- What you have to do
Please transcribe, exactly, the line that contains "Some of the text" and every line after it to the end of the records, and nothing else.
──────────
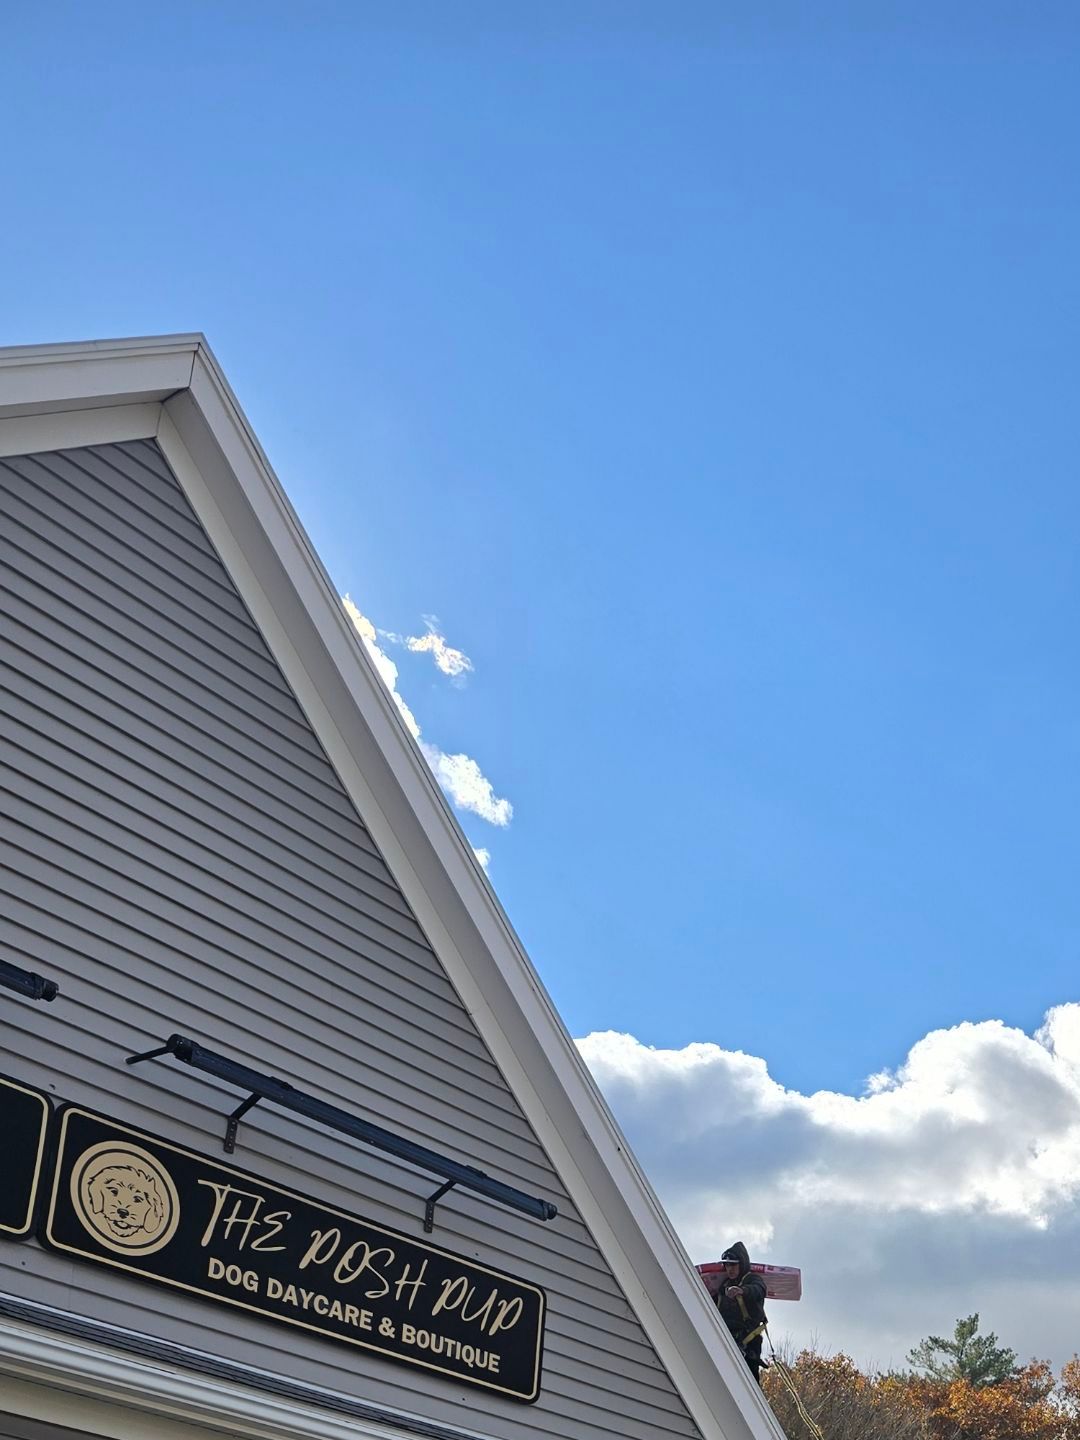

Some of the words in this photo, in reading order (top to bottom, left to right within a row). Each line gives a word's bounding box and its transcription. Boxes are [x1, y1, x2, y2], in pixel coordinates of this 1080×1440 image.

[198, 1180, 291, 1251] THE
[299, 1228, 427, 1310] POSH
[432, 1276, 524, 1336] PUP
[208, 1257, 259, 1293] DOG
[266, 1277, 374, 1331] DAYCARE
[378, 1316, 396, 1339] &
[401, 1323, 501, 1373] BOUTIQUE
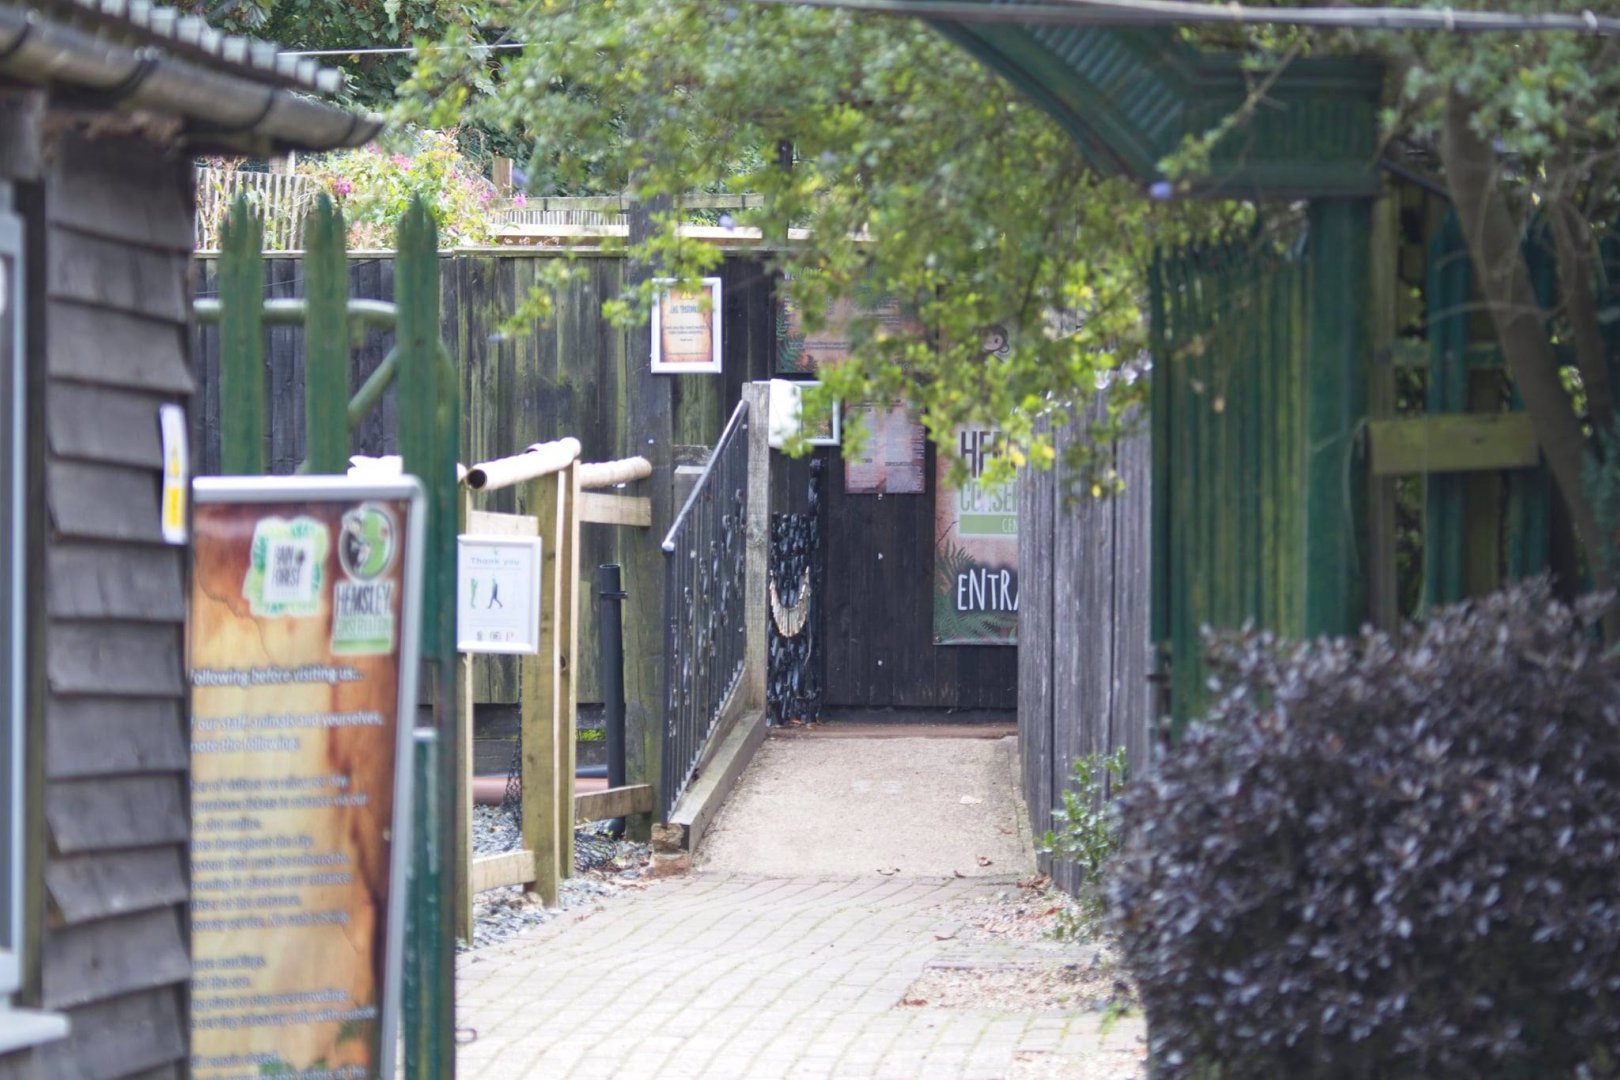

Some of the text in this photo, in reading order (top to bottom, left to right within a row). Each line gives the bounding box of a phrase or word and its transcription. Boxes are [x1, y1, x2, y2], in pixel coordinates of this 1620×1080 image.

[471, 557, 520, 567] Thank you
[335, 584, 391, 616] HEMSLEY
[250, 667, 292, 685] before
[293, 665, 337, 687] visiting
[198, 719, 217, 731] our
[299, 713, 320, 728] and
[221, 736, 241, 752] the
──────────
- Response area
Some of the text in this photo, in reading order (top to bottom, left to right within a row). Each line gives the bounding box of a phrase or word and its transcription. Boxes are [x1, y1, x2, y2], in pixel coordinates of this 1620×1080 image.

[471, 557, 520, 567] Thank you
[335, 584, 391, 616] HEMSLEY
[250, 667, 292, 685] before
[293, 665, 337, 687] visiting
[198, 719, 217, 731] our
[299, 713, 320, 728] and
[221, 736, 241, 752] the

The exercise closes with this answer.